Would you please restate all of the data exactly?

- Material shown -
____________

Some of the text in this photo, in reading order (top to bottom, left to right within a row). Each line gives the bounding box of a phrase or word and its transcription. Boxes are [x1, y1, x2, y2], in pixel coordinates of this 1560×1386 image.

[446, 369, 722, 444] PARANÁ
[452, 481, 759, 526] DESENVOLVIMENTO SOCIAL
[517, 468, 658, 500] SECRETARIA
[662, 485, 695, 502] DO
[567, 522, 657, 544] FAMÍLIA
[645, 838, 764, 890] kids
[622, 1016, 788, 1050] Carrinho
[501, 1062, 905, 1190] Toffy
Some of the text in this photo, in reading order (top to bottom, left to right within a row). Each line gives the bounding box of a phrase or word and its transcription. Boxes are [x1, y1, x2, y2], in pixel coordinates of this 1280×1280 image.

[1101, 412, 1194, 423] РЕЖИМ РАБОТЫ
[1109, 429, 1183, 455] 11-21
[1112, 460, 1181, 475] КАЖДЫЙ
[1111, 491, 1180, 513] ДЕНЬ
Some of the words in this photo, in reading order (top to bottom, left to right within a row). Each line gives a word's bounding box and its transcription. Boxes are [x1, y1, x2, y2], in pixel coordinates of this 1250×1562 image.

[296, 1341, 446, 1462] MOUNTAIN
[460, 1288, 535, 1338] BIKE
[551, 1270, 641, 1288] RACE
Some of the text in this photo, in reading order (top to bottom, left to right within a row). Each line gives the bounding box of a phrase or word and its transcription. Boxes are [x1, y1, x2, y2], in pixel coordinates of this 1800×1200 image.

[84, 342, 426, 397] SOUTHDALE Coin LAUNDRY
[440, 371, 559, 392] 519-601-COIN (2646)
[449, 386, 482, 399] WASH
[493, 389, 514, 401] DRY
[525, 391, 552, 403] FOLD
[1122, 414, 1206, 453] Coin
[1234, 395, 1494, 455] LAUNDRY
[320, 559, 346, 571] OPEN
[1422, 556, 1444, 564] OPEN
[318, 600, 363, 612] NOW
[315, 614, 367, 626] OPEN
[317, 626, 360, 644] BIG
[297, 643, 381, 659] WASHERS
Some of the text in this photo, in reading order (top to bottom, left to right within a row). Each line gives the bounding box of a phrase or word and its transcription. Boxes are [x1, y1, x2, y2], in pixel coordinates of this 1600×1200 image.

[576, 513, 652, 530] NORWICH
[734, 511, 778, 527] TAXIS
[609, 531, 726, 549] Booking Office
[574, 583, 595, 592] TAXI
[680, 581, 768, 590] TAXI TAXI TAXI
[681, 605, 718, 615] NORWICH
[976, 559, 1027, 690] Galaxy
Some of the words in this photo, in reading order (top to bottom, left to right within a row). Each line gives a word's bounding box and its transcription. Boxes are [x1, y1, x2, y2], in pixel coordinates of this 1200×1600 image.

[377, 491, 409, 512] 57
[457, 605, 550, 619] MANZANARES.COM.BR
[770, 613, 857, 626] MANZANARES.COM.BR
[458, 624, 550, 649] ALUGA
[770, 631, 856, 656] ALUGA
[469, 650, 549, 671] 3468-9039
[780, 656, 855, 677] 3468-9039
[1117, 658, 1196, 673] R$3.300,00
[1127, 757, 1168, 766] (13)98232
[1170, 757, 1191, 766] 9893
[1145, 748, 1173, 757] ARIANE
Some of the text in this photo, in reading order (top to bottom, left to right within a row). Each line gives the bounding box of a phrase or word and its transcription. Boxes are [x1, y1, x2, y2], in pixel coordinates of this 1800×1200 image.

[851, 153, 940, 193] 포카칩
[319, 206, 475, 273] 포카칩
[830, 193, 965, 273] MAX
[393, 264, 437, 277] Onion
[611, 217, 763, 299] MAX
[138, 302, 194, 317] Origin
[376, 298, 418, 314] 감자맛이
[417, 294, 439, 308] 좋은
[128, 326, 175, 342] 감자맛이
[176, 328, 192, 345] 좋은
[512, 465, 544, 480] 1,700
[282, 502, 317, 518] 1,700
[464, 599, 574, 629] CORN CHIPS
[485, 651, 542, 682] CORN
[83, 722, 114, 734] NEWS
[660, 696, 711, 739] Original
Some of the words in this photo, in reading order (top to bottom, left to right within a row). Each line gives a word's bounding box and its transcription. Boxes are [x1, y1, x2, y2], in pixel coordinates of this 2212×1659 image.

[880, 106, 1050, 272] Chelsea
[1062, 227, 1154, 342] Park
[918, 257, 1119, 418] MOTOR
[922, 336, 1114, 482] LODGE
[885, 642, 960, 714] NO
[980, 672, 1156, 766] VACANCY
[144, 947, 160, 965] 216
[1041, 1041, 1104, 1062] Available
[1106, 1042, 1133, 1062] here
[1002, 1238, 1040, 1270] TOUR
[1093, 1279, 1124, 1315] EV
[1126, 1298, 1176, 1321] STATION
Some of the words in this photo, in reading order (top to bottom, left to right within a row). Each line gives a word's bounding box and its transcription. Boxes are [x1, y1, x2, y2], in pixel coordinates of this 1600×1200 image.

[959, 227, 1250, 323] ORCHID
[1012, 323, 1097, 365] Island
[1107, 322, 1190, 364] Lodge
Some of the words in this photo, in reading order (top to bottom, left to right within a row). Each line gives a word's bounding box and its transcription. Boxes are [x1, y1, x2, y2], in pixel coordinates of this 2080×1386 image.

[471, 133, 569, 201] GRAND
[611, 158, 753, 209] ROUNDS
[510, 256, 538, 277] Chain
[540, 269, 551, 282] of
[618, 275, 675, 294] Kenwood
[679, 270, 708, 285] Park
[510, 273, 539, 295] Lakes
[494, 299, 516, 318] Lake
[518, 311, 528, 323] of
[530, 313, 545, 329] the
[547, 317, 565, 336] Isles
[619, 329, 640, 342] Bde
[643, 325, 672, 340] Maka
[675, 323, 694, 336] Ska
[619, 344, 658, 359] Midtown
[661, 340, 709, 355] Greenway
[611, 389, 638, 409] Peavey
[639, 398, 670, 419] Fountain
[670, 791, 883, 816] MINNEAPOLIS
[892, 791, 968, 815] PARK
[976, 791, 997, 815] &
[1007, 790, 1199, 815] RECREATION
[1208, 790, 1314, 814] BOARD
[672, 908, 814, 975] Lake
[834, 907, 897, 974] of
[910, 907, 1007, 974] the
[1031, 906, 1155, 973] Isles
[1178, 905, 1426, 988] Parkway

____________

- Your solution -
Some of the text in this photo, in reading order (top to bottom, left to right within a row). Each line gives the bounding box of a phrase or word and its transcription. Boxes are [x1, y1, x2, y2], in pixel coordinates of this 1560×1386 image.

[446, 369, 722, 444] PARANÁ
[452, 481, 759, 526] DESENVOLVIMENTO SOCIAL
[517, 468, 658, 500] SECRETARIA
[662, 485, 695, 502] DO
[567, 522, 657, 544] FAMÍLIA
[645, 838, 764, 890] kids
[622, 1016, 788, 1050] Carrinho
[501, 1062, 905, 1190] Toffy
Some of the text in this photo, in reading order (top to bottom, left to right within a row). Each line gives the bounding box of a phrase or word and its transcription. Boxes are [x1, y1, x2, y2], in pixel coordinates of this 1280×1280 image.

[1101, 412, 1194, 423] РЕЖИМ РАБОТЫ
[1109, 429, 1183, 455] 11-21
[1112, 460, 1181, 475] КАЖДЫЙ
[1111, 491, 1180, 513] ДЕНЬ
Some of the words in this photo, in reading order (top to bottom, left to right within a row). Each line gives a word's bounding box and its transcription. Boxes are [x1, y1, x2, y2], in pixel coordinates of this 1250×1562 image.

[296, 1341, 446, 1462] MOUNTAIN
[460, 1288, 535, 1338] BIKE
[551, 1270, 641, 1288] RACE
Some of the text in this photo, in reading order (top to bottom, left to right within a row). Each line gives the bounding box of a phrase or word and its transcription. Boxes are [x1, y1, x2, y2], in pixel coordinates of this 1800×1200 image.

[84, 342, 426, 397] SOUTHDALE Coin LAUNDRY
[440, 371, 559, 392] 519-601-COIN (2646)
[449, 386, 482, 399] WASH
[493, 389, 514, 401] DRY
[525, 391, 552, 403] FOLD
[1122, 414, 1206, 453] Coin
[1234, 395, 1494, 455] LAUNDRY
[320, 559, 346, 571] OPEN
[1422, 556, 1444, 564] OPEN
[318, 600, 363, 612] NOW
[315, 614, 367, 626] OPEN
[317, 626, 360, 644] BIG
[297, 643, 381, 659] WASHERS
Some of the text in this photo, in reading order (top to bottom, left to right within a row). Each line gives the bounding box of a phrase or word and its transcription. Boxes are [x1, y1, x2, y2], in pixel coordinates of this 1600×1200 image.

[576, 513, 652, 530] NORWICH
[734, 511, 778, 527] TAXIS
[609, 531, 726, 549] Booking Office
[574, 583, 595, 592] TAXI
[680, 581, 768, 590] TAXI TAXI TAXI
[681, 605, 718, 615] NORWICH
[976, 559, 1027, 690] Galaxy
Some of the words in this photo, in reading order (top to bottom, left to right within a row). Each line gives a word's bounding box and its transcription. Boxes are [x1, y1, x2, y2], in pixel coordinates of this 1200×1600 image.

[377, 491, 409, 512] 57
[457, 605, 550, 619] MANZANARES.COM.BR
[770, 613, 857, 626] MANZANARES.COM.BR
[458, 624, 550, 649] ALUGA
[770, 631, 856, 656] ALUGA
[469, 650, 549, 671] 3468-9039
[780, 656, 855, 677] 3468-9039
[1117, 658, 1196, 673] R$3.300,00
[1127, 757, 1168, 766] (13)98232
[1170, 757, 1191, 766] 9893
[1145, 748, 1173, 757] ARIANE
Some of the text in this photo, in reading order (top to bottom, left to right within a row). Each line gives the bounding box of a phrase or word and its transcription. Boxes are [x1, y1, x2, y2], in pixel coordinates of this 1800×1200 image.

[851, 153, 940, 193] 포카칩
[319, 206, 475, 273] 포카칩
[830, 193, 965, 273] MAX
[393, 264, 437, 277] Onion
[611, 217, 763, 299] MAX
[138, 302, 194, 317] Origin
[376, 298, 418, 314] 감자맛이
[417, 294, 439, 308] 좋은
[128, 326, 175, 342] 감자맛이
[176, 328, 192, 345] 좋은
[512, 465, 544, 480] 1,700
[282, 502, 317, 518] 1,700
[464, 599, 574, 629] CORN CHIPS
[485, 651, 542, 682] CORN
[83, 722, 114, 734] NEWS
[660, 696, 711, 739] Original
Some of the words in this photo, in reading order (top to bottom, left to right within a row). Each line gives a word's bounding box and its transcription. Boxes are [x1, y1, x2, y2], in pixel coordinates of this 2212×1659 image.

[880, 106, 1050, 272] Chelsea
[1062, 227, 1154, 342] Park
[918, 257, 1119, 418] MOTOR
[922, 336, 1114, 482] LODGE
[885, 642, 960, 714] NO
[980, 672, 1156, 766] VACANCY
[144, 947, 160, 965] 216
[1041, 1041, 1104, 1062] Available
[1106, 1042, 1133, 1062] here
[1002, 1238, 1040, 1270] TOUR
[1093, 1279, 1124, 1315] EV
[1126, 1298, 1176, 1321] STATION
Some of the words in this photo, in reading order (top to bottom, left to right within a row). Each line gives a word's bounding box and its transcription. Boxes are [x1, y1, x2, y2], in pixel coordinates of this 1600×1200 image.

[959, 227, 1250, 323] ORCHID
[1012, 323, 1097, 365] Island
[1107, 322, 1190, 364] Lodge
Some of the words in this photo, in reading order (top to bottom, left to right within a row). Each line gives a word's bounding box and its transcription. Boxes are [x1, y1, x2, y2], in pixel coordinates of this 2080×1386 image.

[471, 133, 569, 201] GRAND
[611, 158, 753, 209] ROUNDS
[510, 256, 538, 277] Chain
[540, 269, 551, 282] of
[618, 275, 675, 294] Kenwood
[679, 270, 708, 285] Park
[510, 273, 539, 295] Lakes
[494, 299, 516, 318] Lake
[518, 311, 528, 323] of
[530, 313, 545, 329] the
[547, 317, 565, 336] Isles
[619, 329, 640, 342] Bde
[643, 325, 672, 340] Maka
[675, 323, 694, 336] Ska
[619, 344, 658, 359] Midtown
[661, 340, 709, 355] Greenway
[611, 389, 638, 409] Peavey
[639, 398, 670, 419] Fountain
[670, 791, 883, 816] MINNEAPOLIS
[892, 791, 968, 815] PARK
[976, 791, 997, 815] &
[1007, 790, 1199, 815] RECREATION
[1208, 790, 1314, 814] BOARD
[672, 908, 814, 975] Lake
[834, 907, 897, 974] of
[910, 907, 1007, 974] the
[1031, 906, 1155, 973] Isles
[1178, 905, 1426, 988] Parkway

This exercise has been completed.